Psoriasis Indicator of Vascular Risk in Diabetics
Researchers have discovered a link between psoriasis and diabetic-related vascular problems. Diabetic patients who have psoriasis are significantly more likely to develop micro and macro vascular complications.
Researchers at the University of California studied more than 6,000 patients with psoriasis and diabetes from the Thomson Reuters MarketScan medical database. They then matched those with diabetic patients who were psoriasis-free with the same profile, matching traits such as sex, diabetic complications and a score that calculated the patient’s risk of vascular complications. The researchers then followed up at one, three and five years.
After one year, 18.3 percent of the subject group had developed micorvascular complications, such as neuropathy or retinopathy, compared to 16.5 percent of those in the control group. After five years, 29.2 percent of patients in the subject group experienced microvascular complications, compared with 26.0 percent in the control. Similarly, macrovascular complications such as heart attack, stroke and heart attack happened in 28.6 percent of the subject group, compared to 25.7 percent of the control group.

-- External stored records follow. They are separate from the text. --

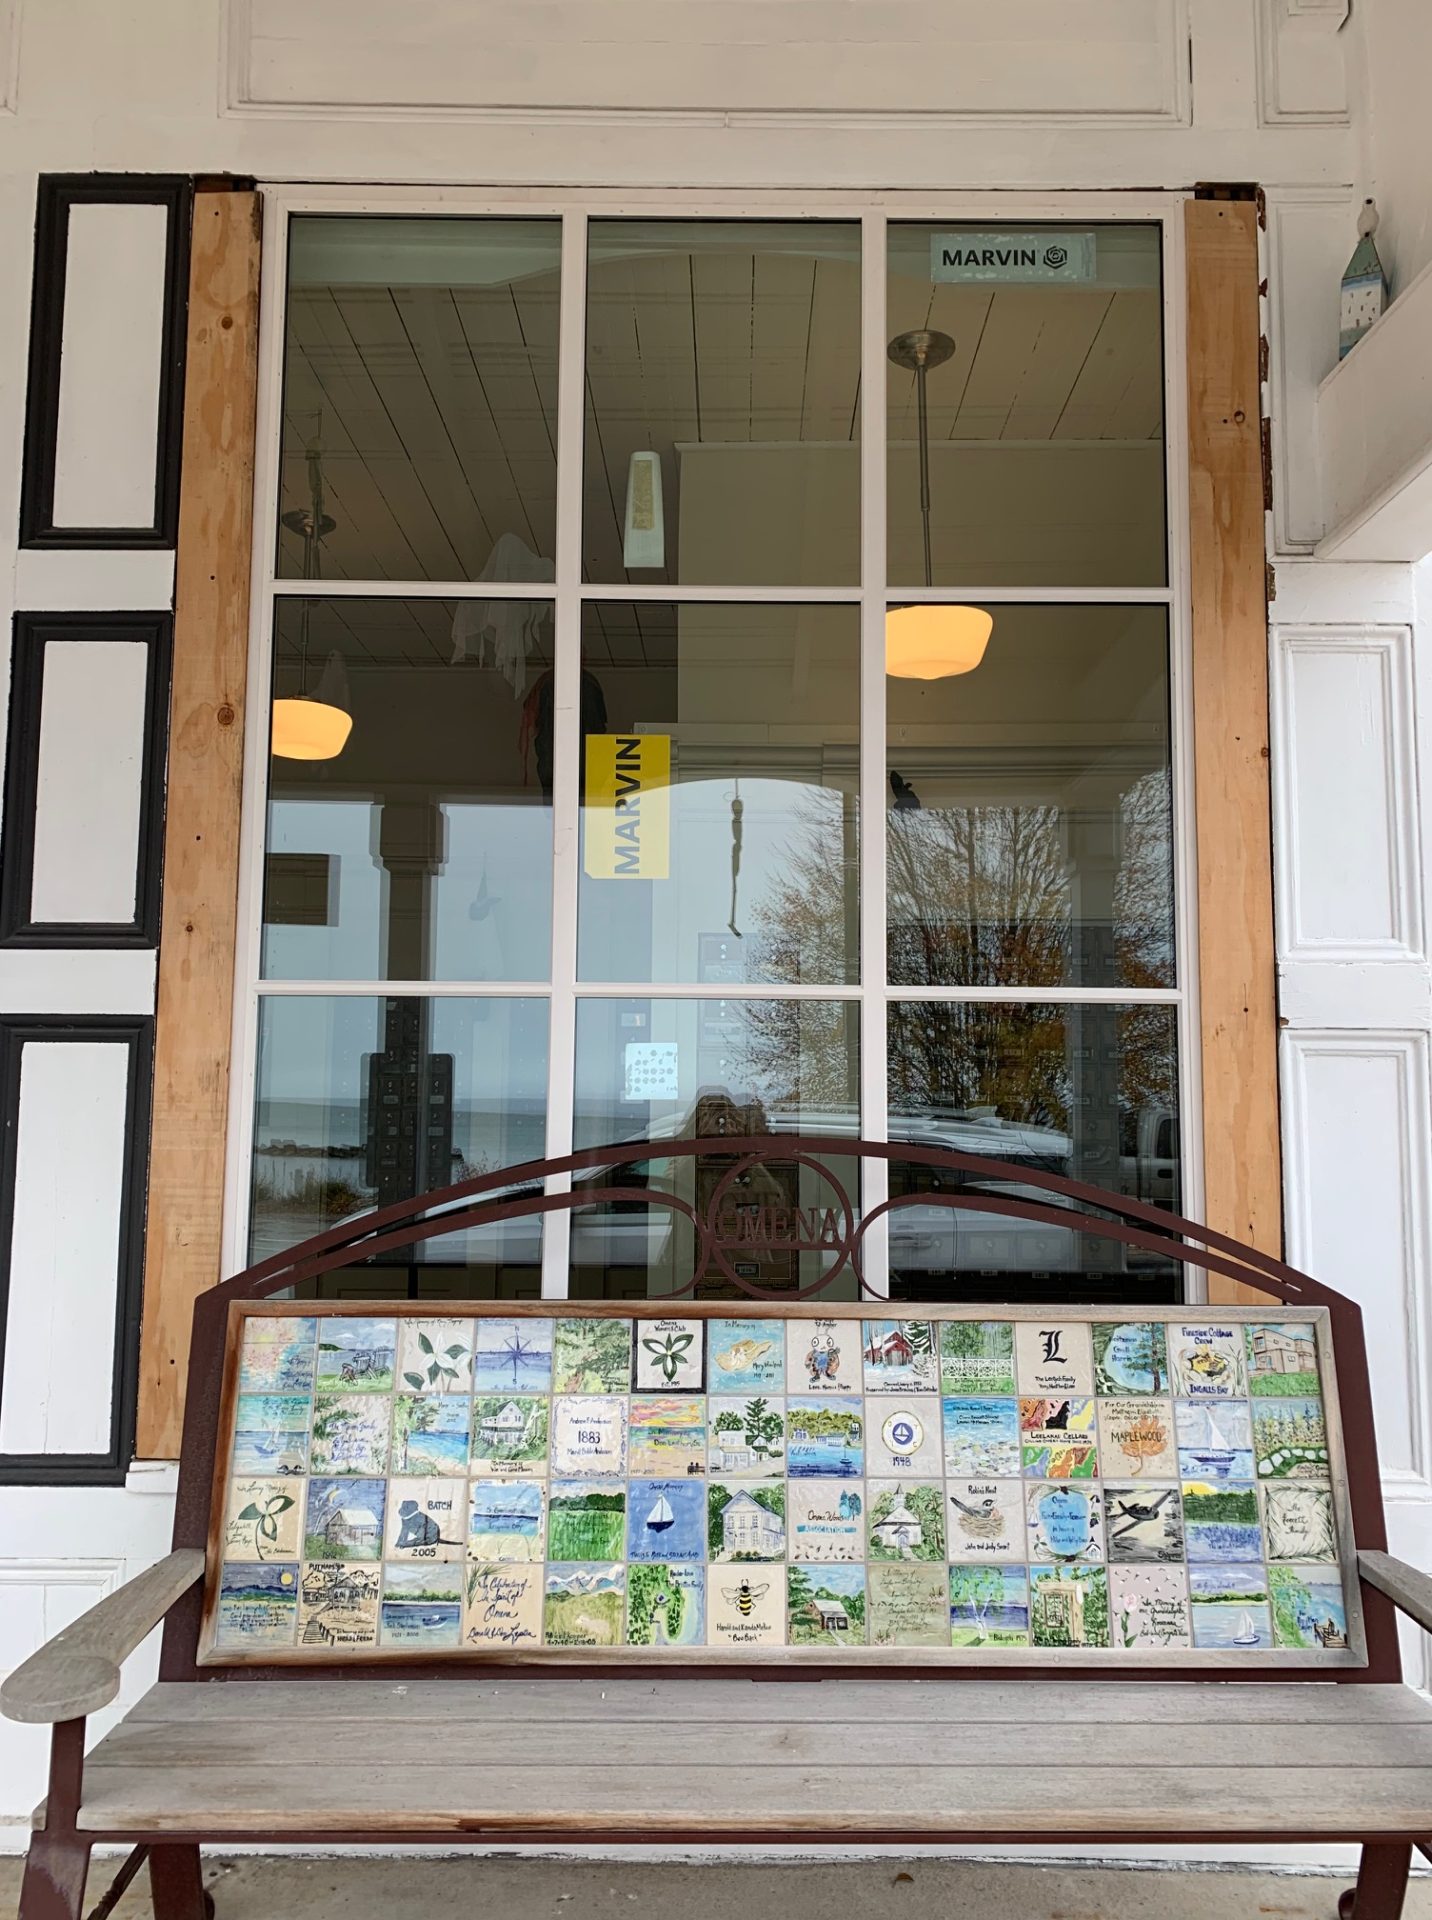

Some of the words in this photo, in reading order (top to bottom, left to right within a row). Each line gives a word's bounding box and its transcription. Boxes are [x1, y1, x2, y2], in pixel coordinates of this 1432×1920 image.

[942, 249, 1036, 266] MARVIN
[614, 738, 641, 874] MARVIN
[717, 1207, 842, 1243] OMENA
[1039, 1330, 1068, 1364] L
[578, 1430, 601, 1444] 1883
[1110, 1431, 1163, 1443] MAPLEWOOD
[893, 1456, 911, 1467] 1948
[427, 1500, 453, 1511] BATCH
[411, 1549, 436, 1557] 2005
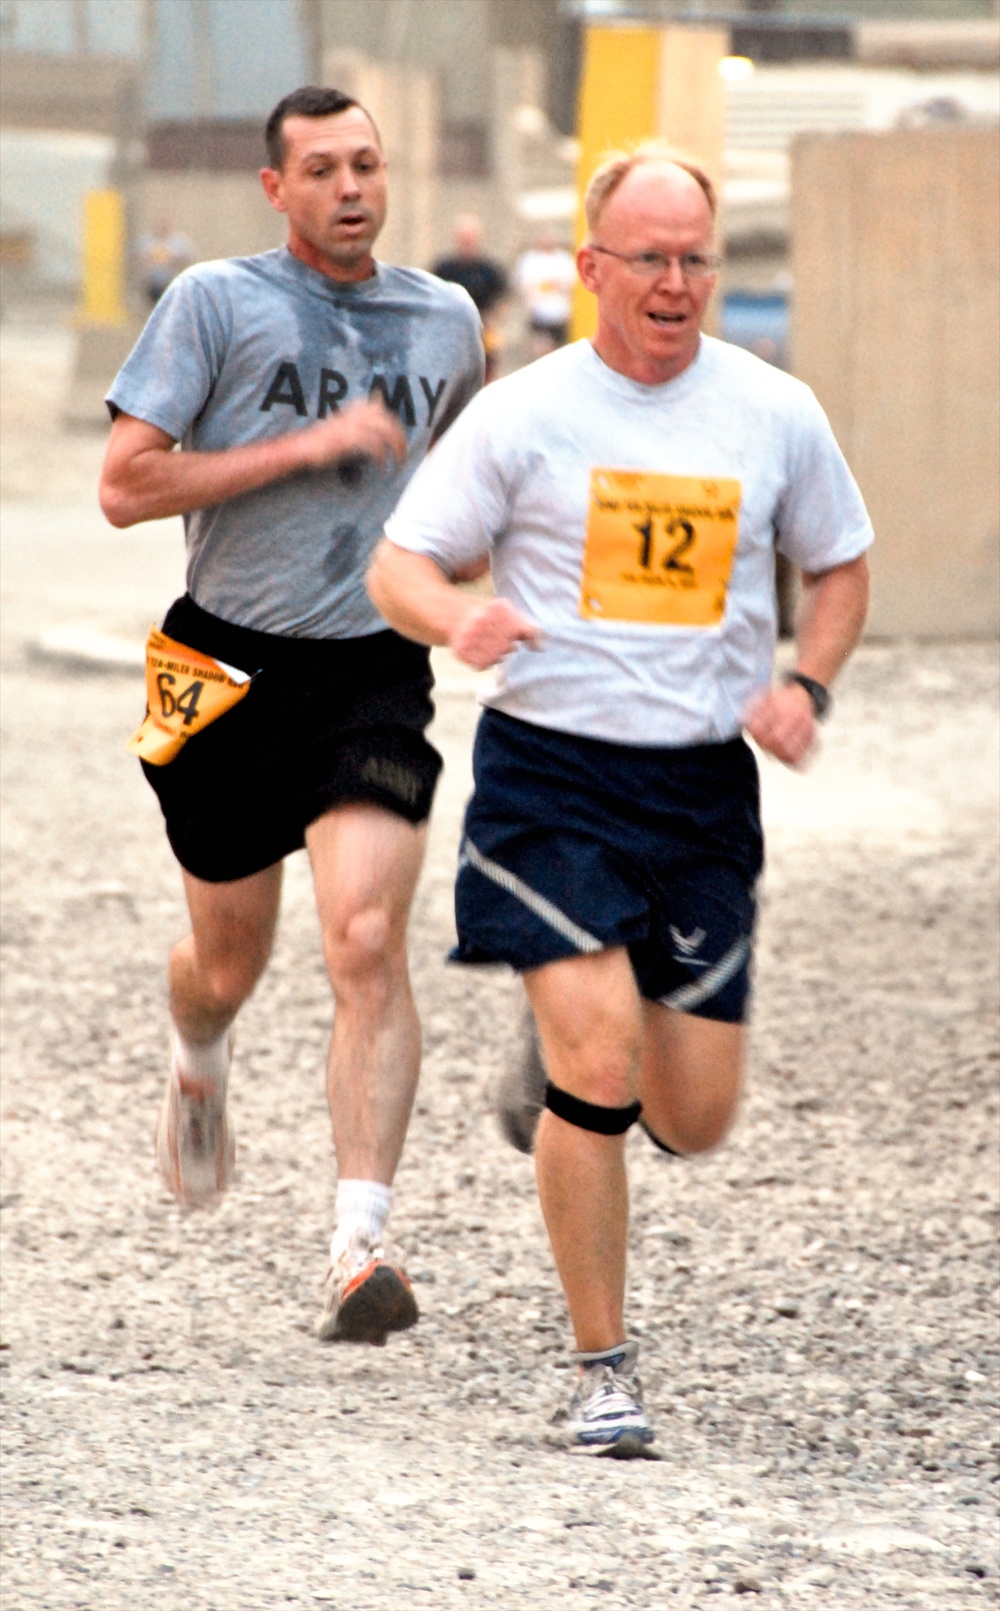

The researchers further divided the subject groups into severity of psoriasis cases. Of the subject group, 73 percent were classified as having mild psoriasis, while 27 percent were classified as having moderate to severe psoriasis. They found that those with moderate to severe psoriasis were 16 percent more likely to suffer vascular complications, while those with mild psoriasis were 13 percent more likely to suffer the same.
Call to Better Control
As a result of these findings, Dr. April Armstrong of the University of California asks doctors to be extra vigilant when treating diabetics with psoriasis.
"In view of this greater likelihood of developing microvascular and macrovascular complications, clinicians may wish to consider closer disease management of diabetic patients with psoriasis."
Dr. Jashin Wu of the Los Angeles Medical Center concurs. Patients who have psoriasis "should get regular checks by their primary care doctor for high blood pressure, high cholesterol (and) diabetes - all those things are very important."